Ed has put up the Bat Segundo podcast of the May Queen panel, with editor Nicki Richesin and contributors Meghan Daum, Erin Ergenbright, Kimberly Askew, Heather Juergensen, and yours truly.
I also saw on Ed’s blog and elsewhere that Steve Almond has written an open letter to William P. Leahy, president of Boston College, in the Boston Globe, resigning from his adjunct teaching position there. The beef: Condoleezza Rice has been invited to be the commencement speaker at the graduation ceremonies this year.

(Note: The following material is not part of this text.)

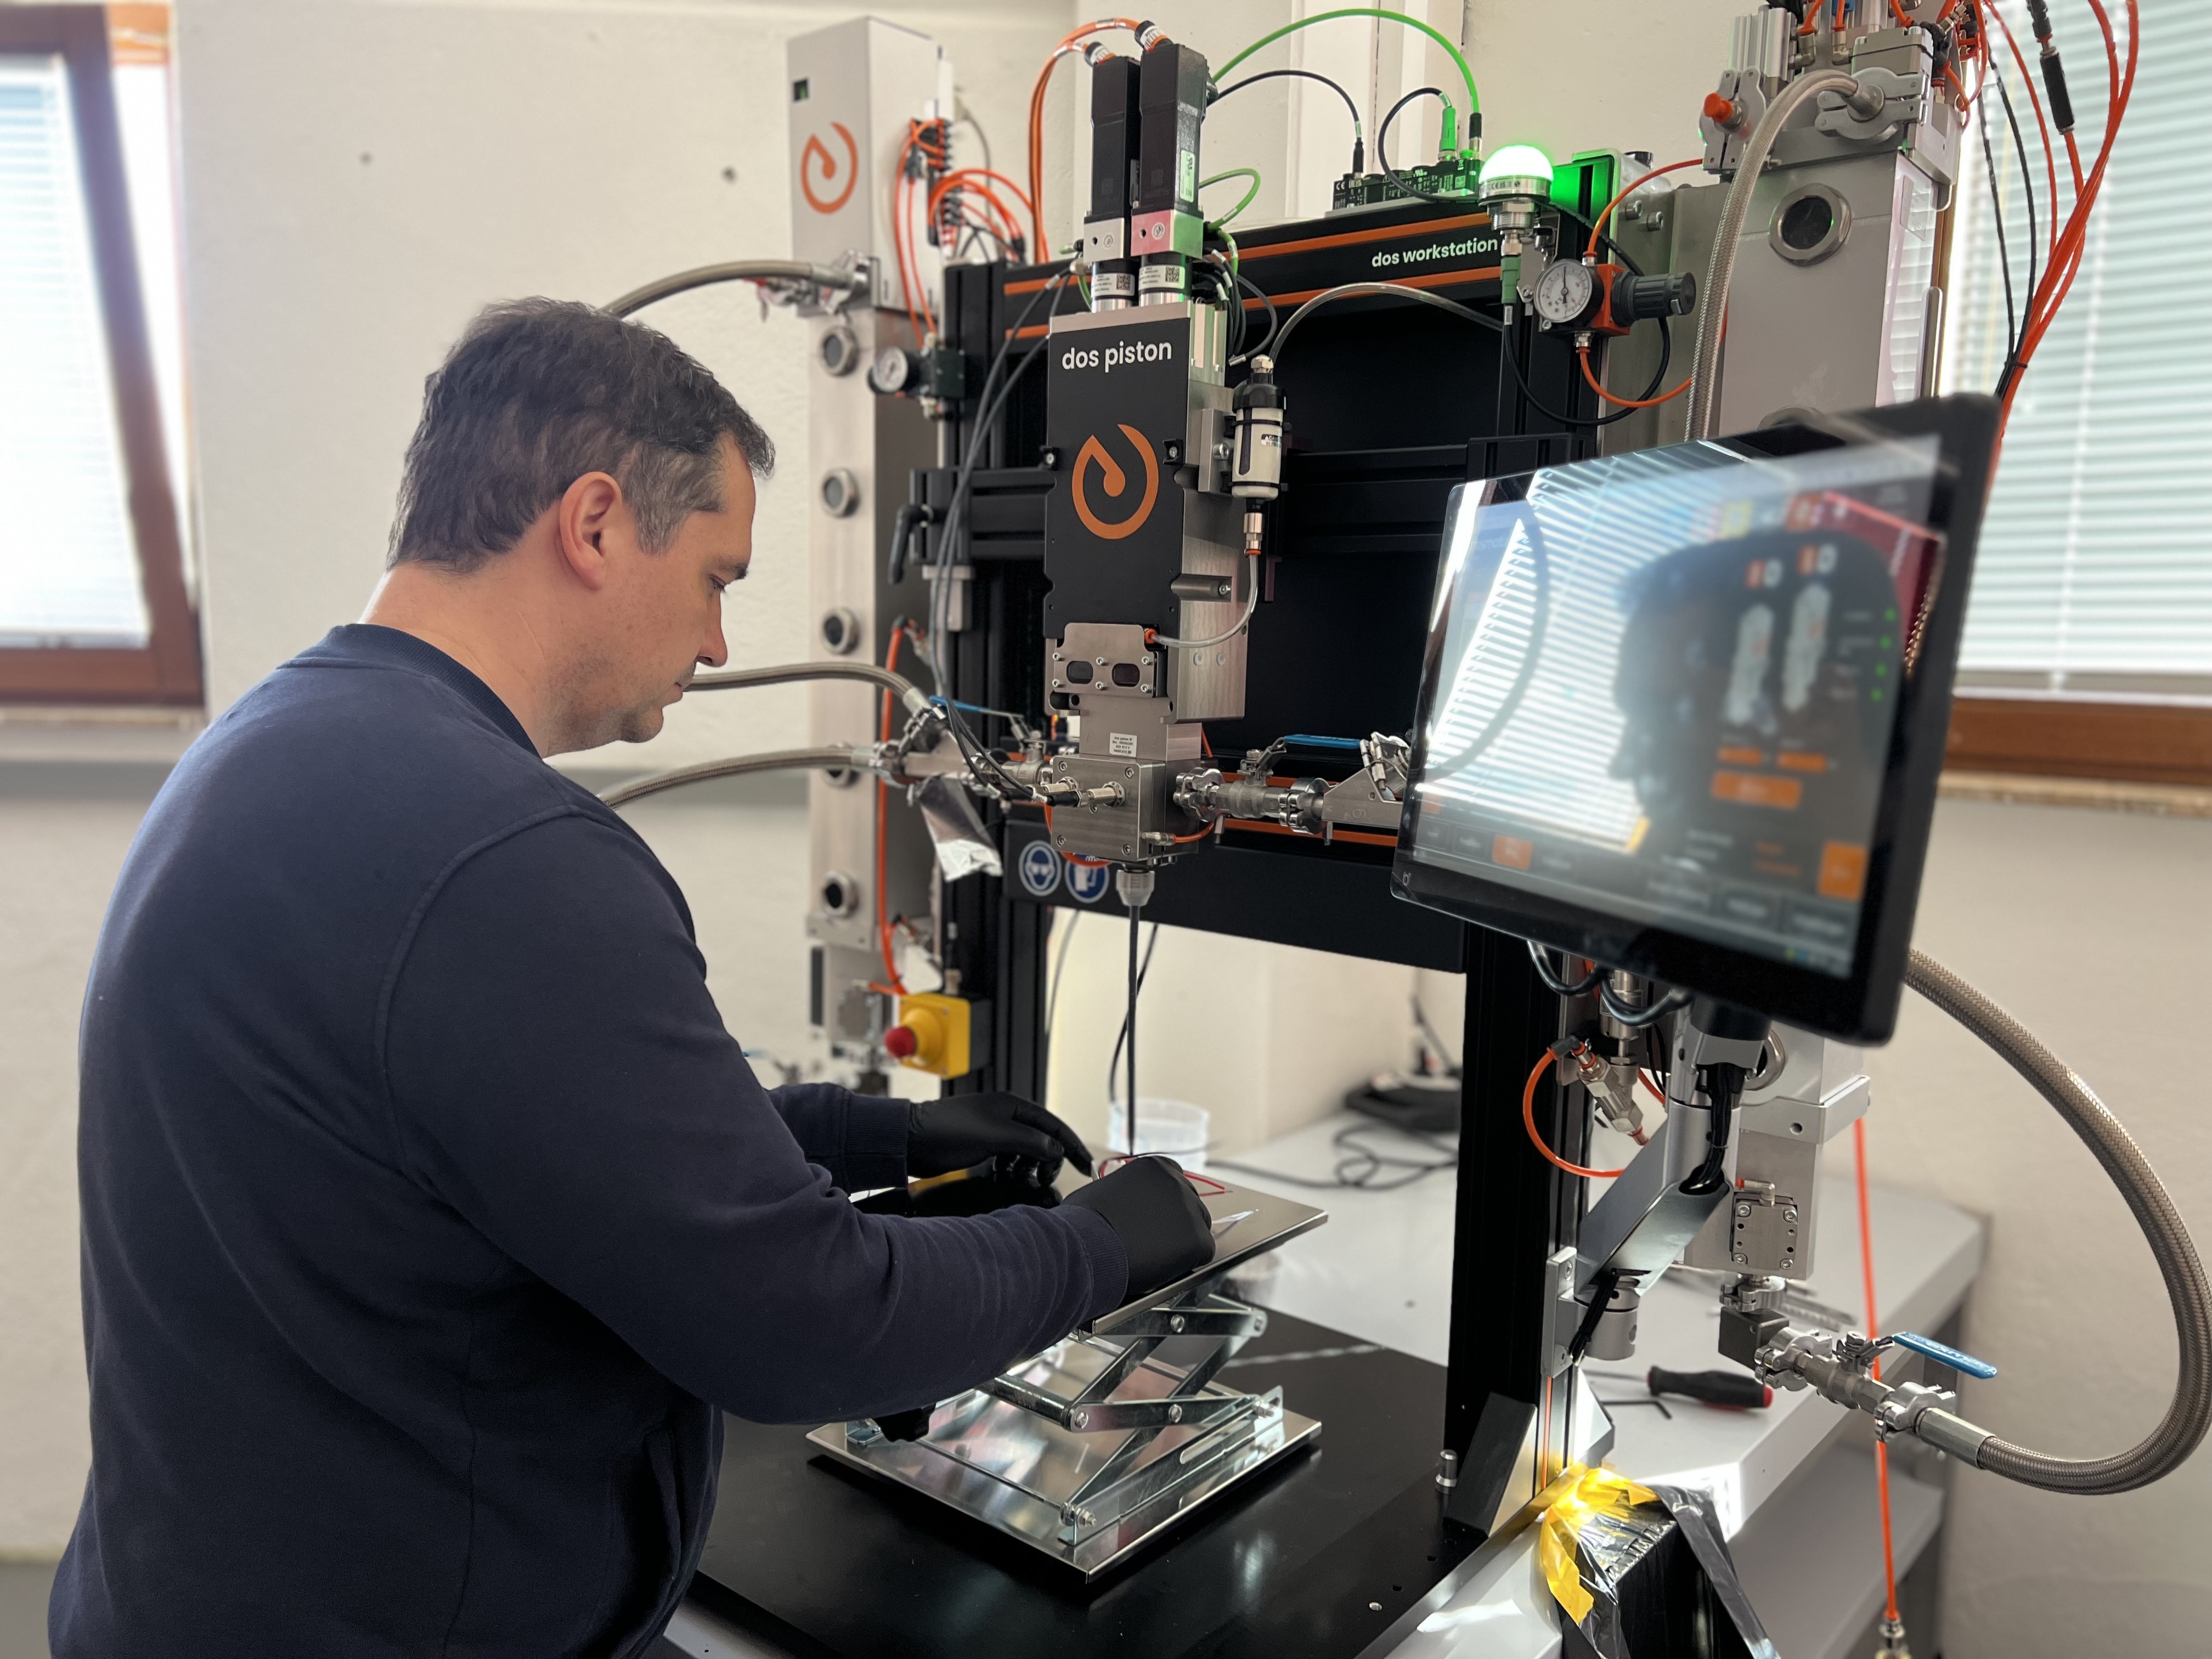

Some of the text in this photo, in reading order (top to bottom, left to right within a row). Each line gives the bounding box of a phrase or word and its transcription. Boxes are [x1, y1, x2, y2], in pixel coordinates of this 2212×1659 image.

[1372, 238, 1498, 267] dos workstation
[1062, 341, 1172, 373] dos piston
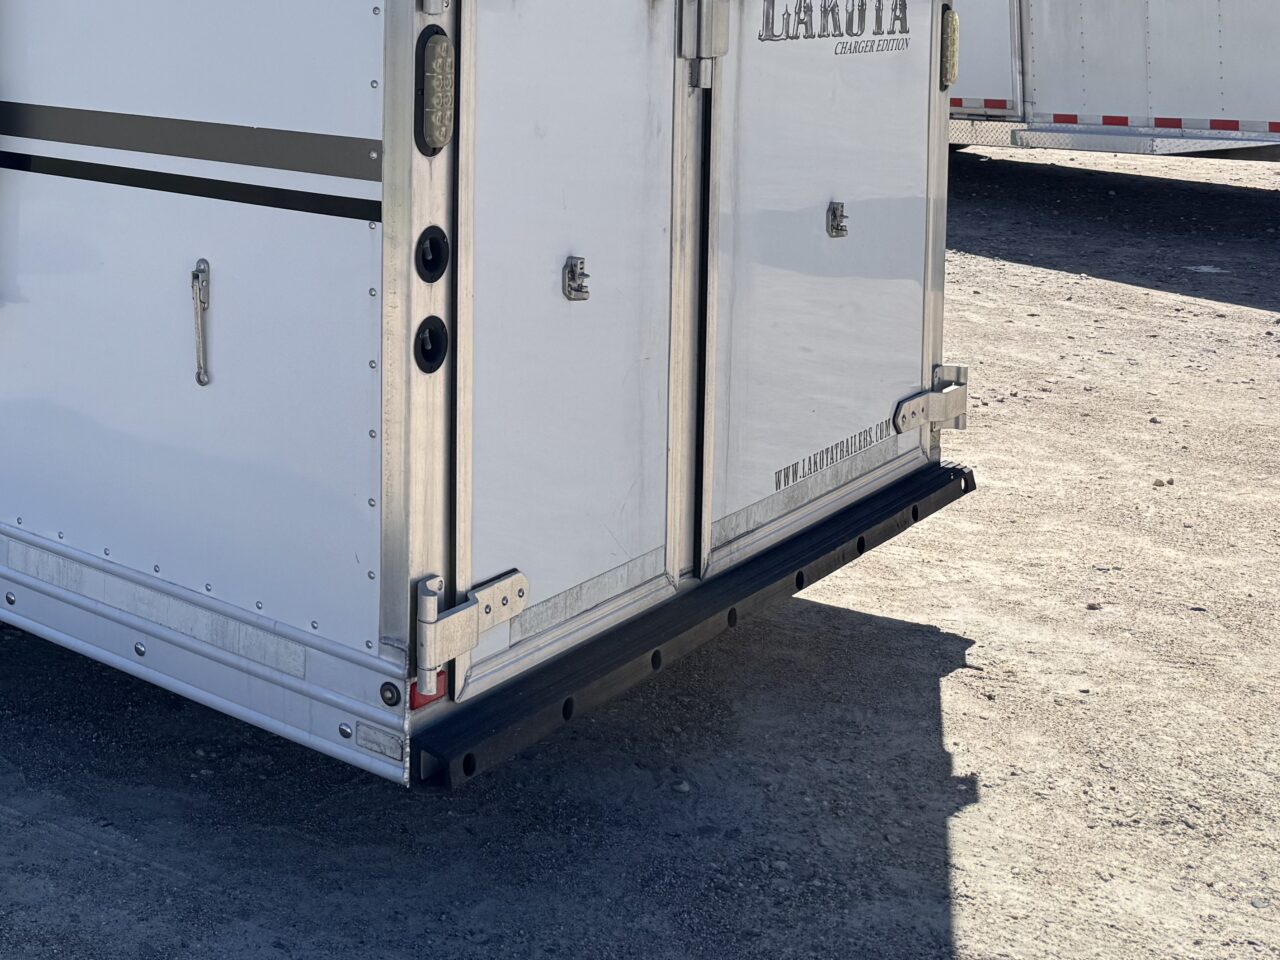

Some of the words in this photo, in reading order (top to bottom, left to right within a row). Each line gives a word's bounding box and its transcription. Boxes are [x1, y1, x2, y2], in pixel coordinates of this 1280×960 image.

Kudos to Steve for putting his money where his mouth is. (Okay, as an adjunct myself, I know that adjunct teaching isn’t exactly a financial windfall, but still, it’s an income, and with a baby on the way, it takes balls for Steve to quit the steady job.) Almond objects less to Rice’s warring ways than to her record of dishonesty.
During the ramp-up to the Iraq war, she made 29 false or misleading public statements concerning Iraq’s weapons of mass destruction and links to Al Qaeda, according to a congressional investigation by the House Committee on Government Reform.
To cite one example:In an effort to build the case for war, then-National Security Adviser Rice repeatedly asserted that Iraq was pursuing a nuclear weapon, and specifically seeking uranium in Africa. In July of 2003, after these claims were disproved, Rice said: ”Now if there were doubts about the underlying intelligence . . . those doubts were not communicated to the president, the vice president, or to me.”
Rice’s own deputy, Stephen Hadley, later admitted that the CIA had sent her a memo eight months earlier warning against the use of this claim.